Catch Title: Election Purity and Hand Count Act
Sponsor: Representative(s) Smith, Brady and Webber; Senator(s) French, Ide and Laursen, D
Effective Date: Immediately (Applicable to elections after January 1, 2026)
Bill URL: https://www.wyoleg.gov/Legislation/2026/HB0094
Overview
HB0094 mandates a comprehensive transition of all Wyoming elections to a manual, hand-counted system, explicitly prohibiting the use of electronic voting machines, tabulators, scanners, or electronic pollbooks. The bill establishes stringent statewide standards for ballot design, chain of custody, and publicly conducted manual counting, primarily anchored to the external “Gold Standard Elections” guidelines. It introduces significant new criminal and civil penalties for election officials who fail to strictly adhere to these manual procedures.
Key Provisions
- Prohibition of Electronic Systems: Bans the use of any electronic equipment for casting, tabulating, or scanning ballots, including the use of electronic pollbooks.
- Mandatory Hand Counting: Requires all votes to be cast on paper ballots and manually tallied in full public view at designated counting centers.
- External Rulemaking Standards: Directs the Secretary of State to adopt rules for ballot design and counting based specifically on the USCase.org “Gold Standard Elections” white paper.
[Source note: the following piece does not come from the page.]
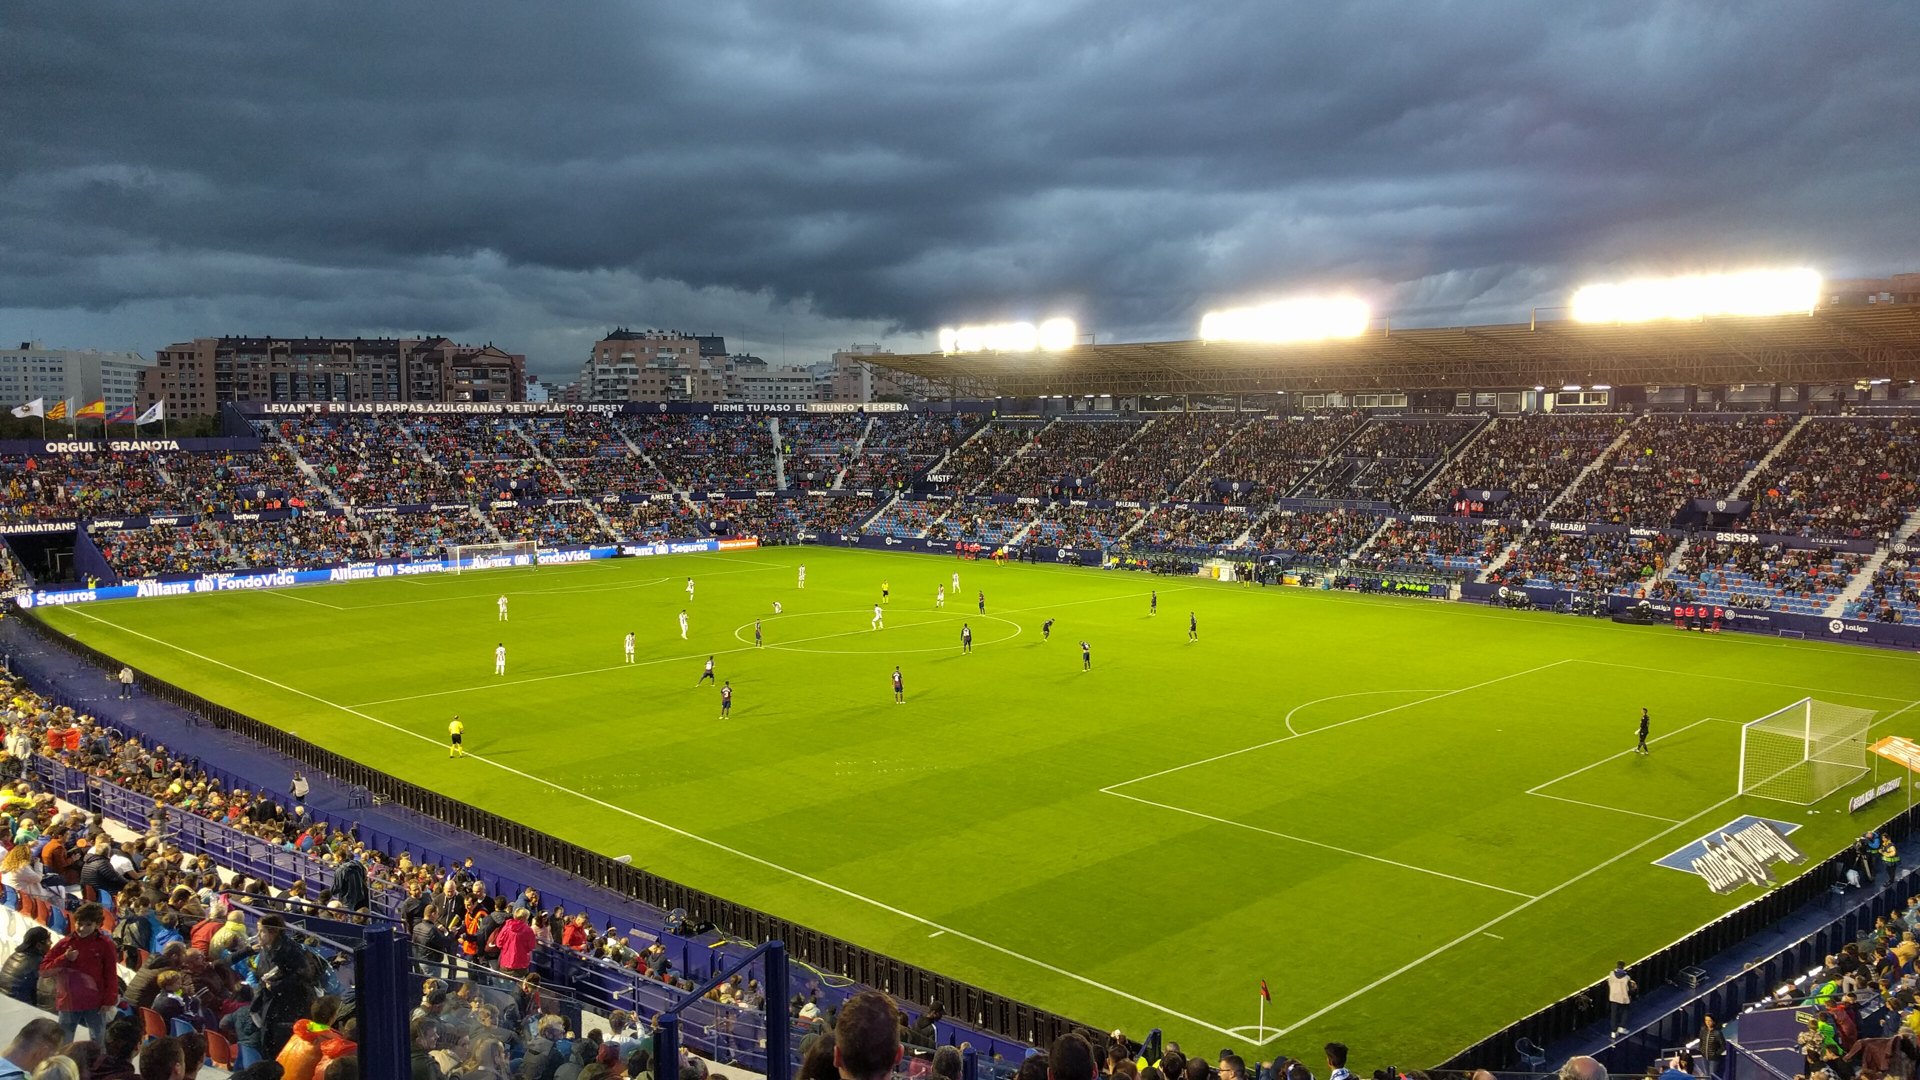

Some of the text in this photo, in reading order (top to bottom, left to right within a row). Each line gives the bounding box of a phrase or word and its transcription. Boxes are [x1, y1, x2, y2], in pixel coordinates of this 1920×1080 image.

- Strict Chain of Custody: Mandates a documented chain of custody for all materials and requires continuous 24-month video surveillance of all stored ballots.
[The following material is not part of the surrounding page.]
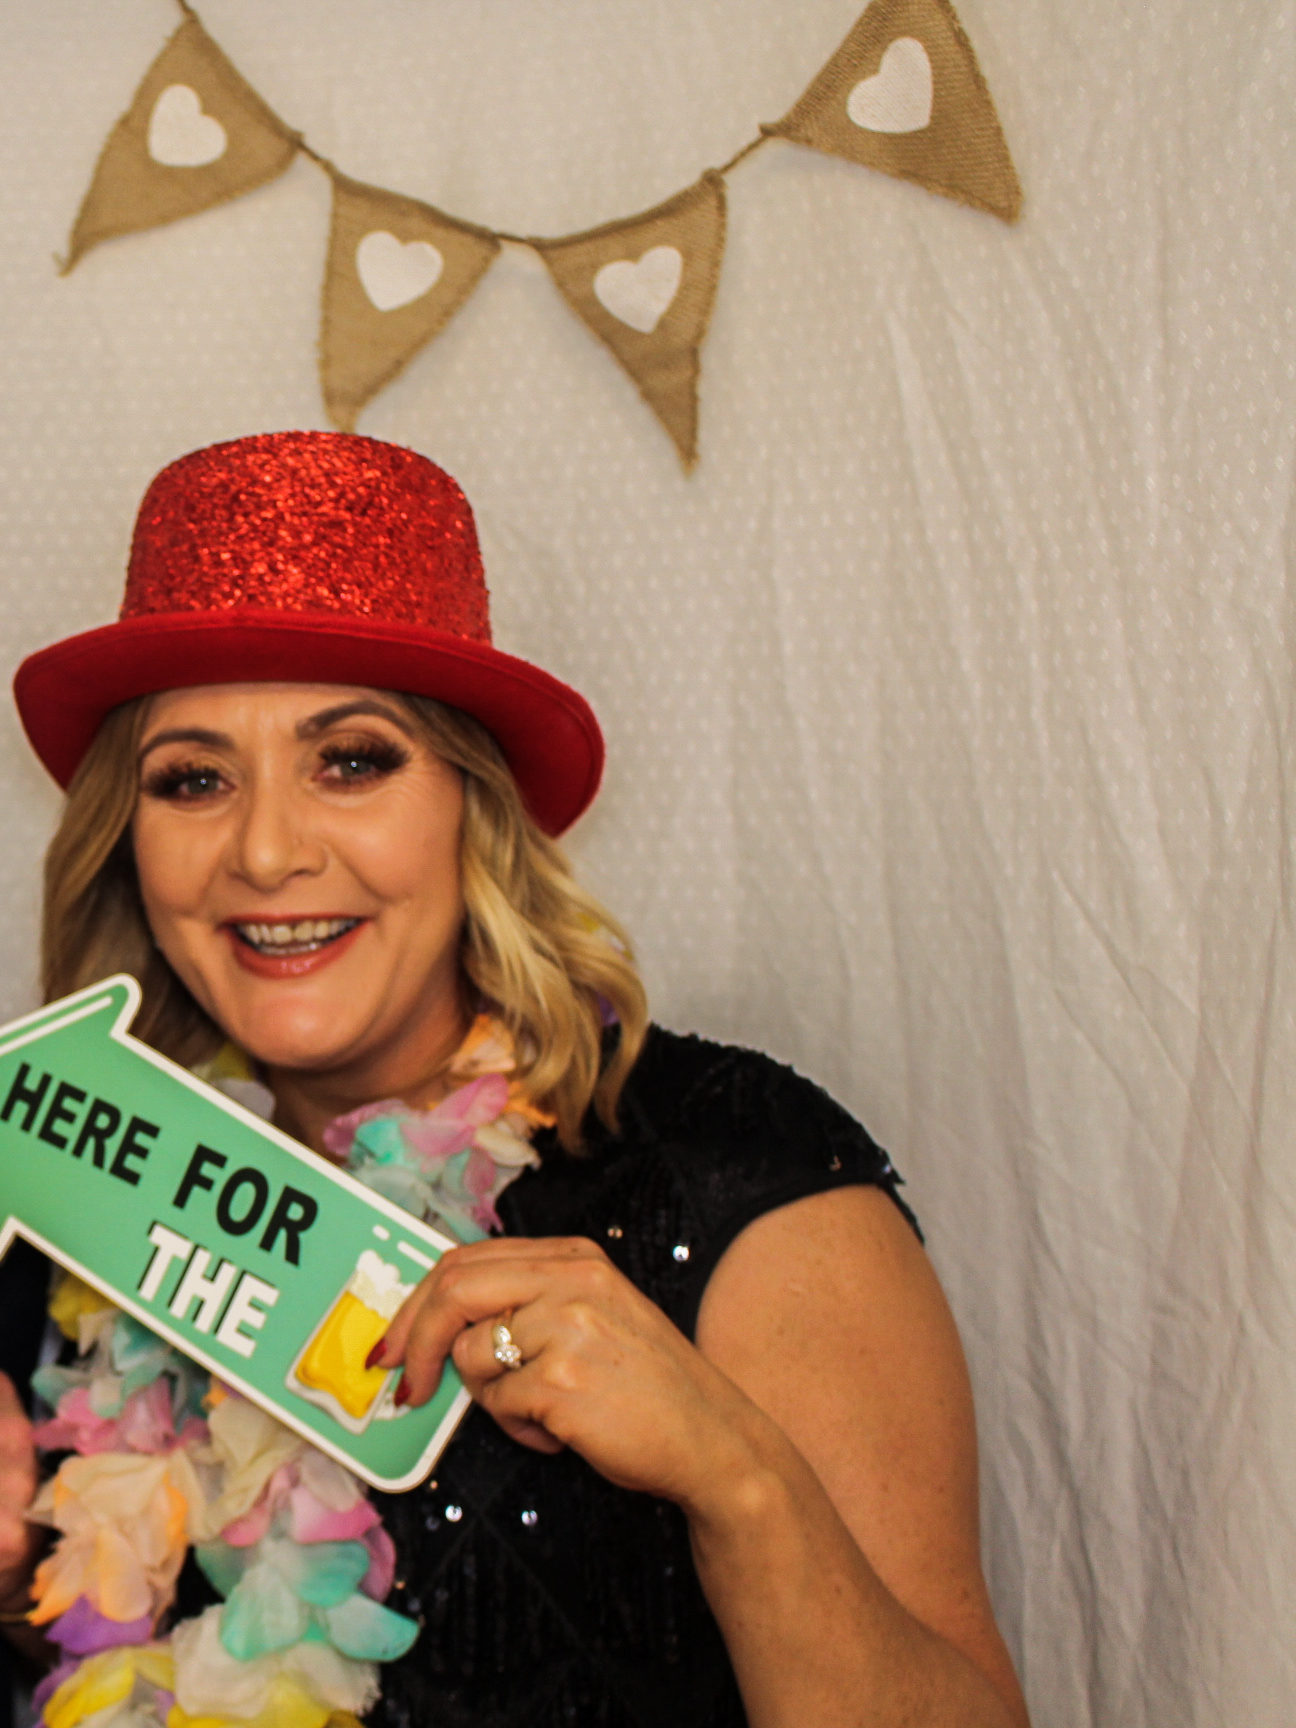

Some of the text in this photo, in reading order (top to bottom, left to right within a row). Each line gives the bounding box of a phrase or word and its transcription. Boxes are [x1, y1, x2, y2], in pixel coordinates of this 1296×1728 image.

[0, 1062, 319, 1266] HERE FOR
[137, 1221, 280, 1359] THE
- Counting Teams: Requires teams of at least four members with balanced political representation to perform independent, reconciled tallies.
- Public Observation and Recording: Mandates that all counting, training, and canvassing meetings be open to the public, with audio/video recording required for all counts and recounts.
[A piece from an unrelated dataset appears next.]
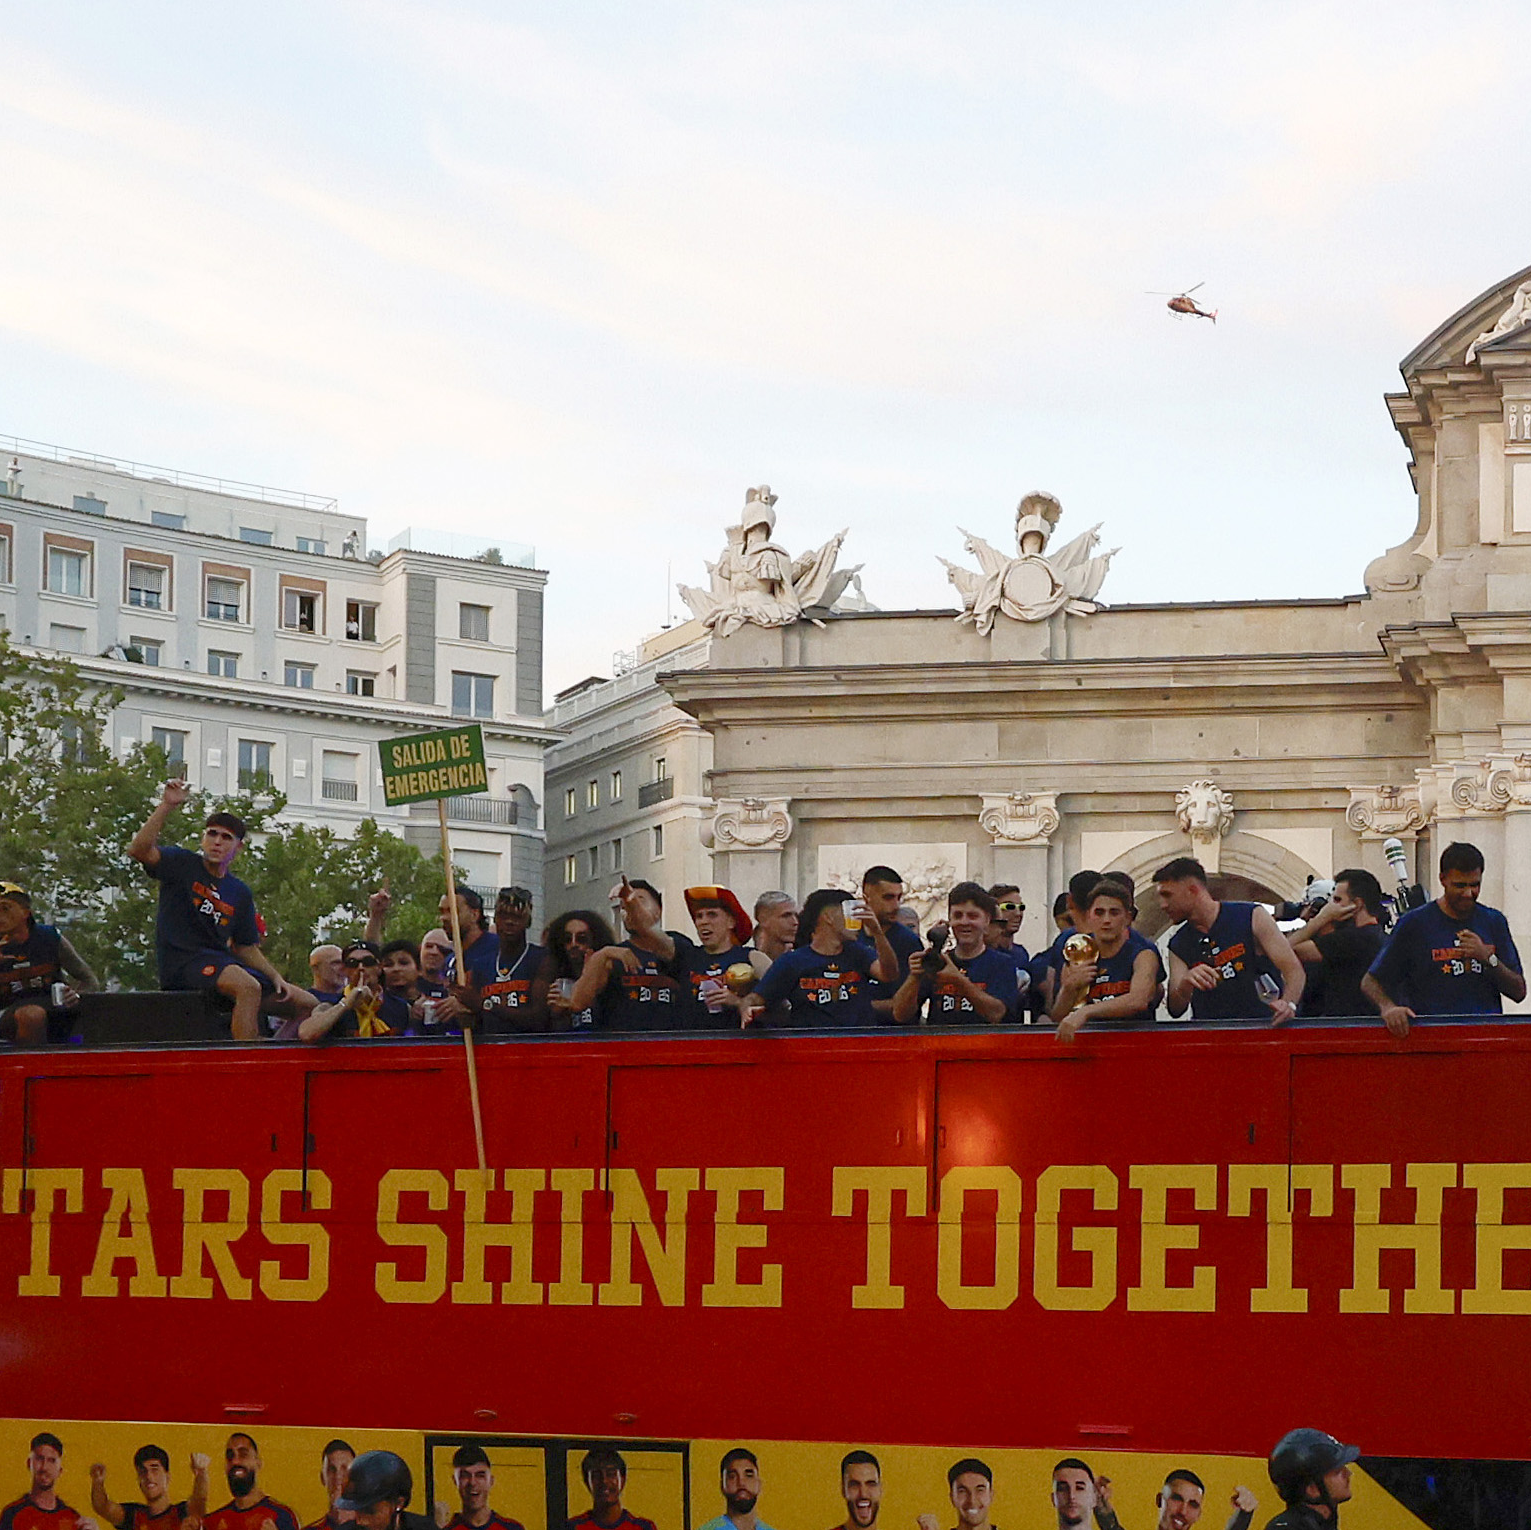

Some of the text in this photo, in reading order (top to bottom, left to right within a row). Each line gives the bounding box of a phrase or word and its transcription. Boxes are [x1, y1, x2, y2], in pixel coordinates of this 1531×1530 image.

[391, 734, 473, 770] SALIDA DE
[385, 762, 487, 801] EMERGENCIA
[376, 1167, 785, 1308] SHINE
- Restricted Disability Access: Permits accessible voting devices only to produce a human-readable ballot, which must then be manually counted alongside all other ballots.
Implications
- Massive Fiscal Burden: [Not Specified] The bill lacks a comprehensive fiscal note. While the Secretary of State is identified as the cost-identifier, local estimates (e.g., Campbell County) suggest costs between $98k and $1.3M per election for labor and infrastructure—potentially $2.6M per election year in a single county.
- Logistical Impossibility: The requirement for 500 to 2,000 volunteers per county to conduct hand counts is considered unattainable given current challenges in recruiting even standard poll workers.
- Delegated Rulemaking Concern: [Ambiguous] Requiring the Secretary of State to adopt rules based on a non-governmental external “white paper” may constitute an improper delegation of legislative or rulemaking authority to a private entity.
- Accuracy and Speed: Despite the bill’s aim for “purity,” statistically valid studies consistently show that manual hand counting is more expensive, slower, and significantly more prone to human error than electronic tabulation.
- Privacy and HAVA Risks: Because ballots from accessible voting devices are clearly distinguishable from pen-and-ink ballots, the bill risks compromising the “secret ballot” requirement for voters with disabilities and creating conflicts with the Help America Vote Act (HAVA).
- Unfunded Infrastructure: The mandate for 24-month continuous video surveillance of all ballot storage creates substantial new data-management and security costs for all 23 counties.
- Increased Peril for Clerks: Newly created misdemeanors and felonies for “willful failure” to follow hand-count procedures significantly increase the legal liability for locally elected clerks and their staff.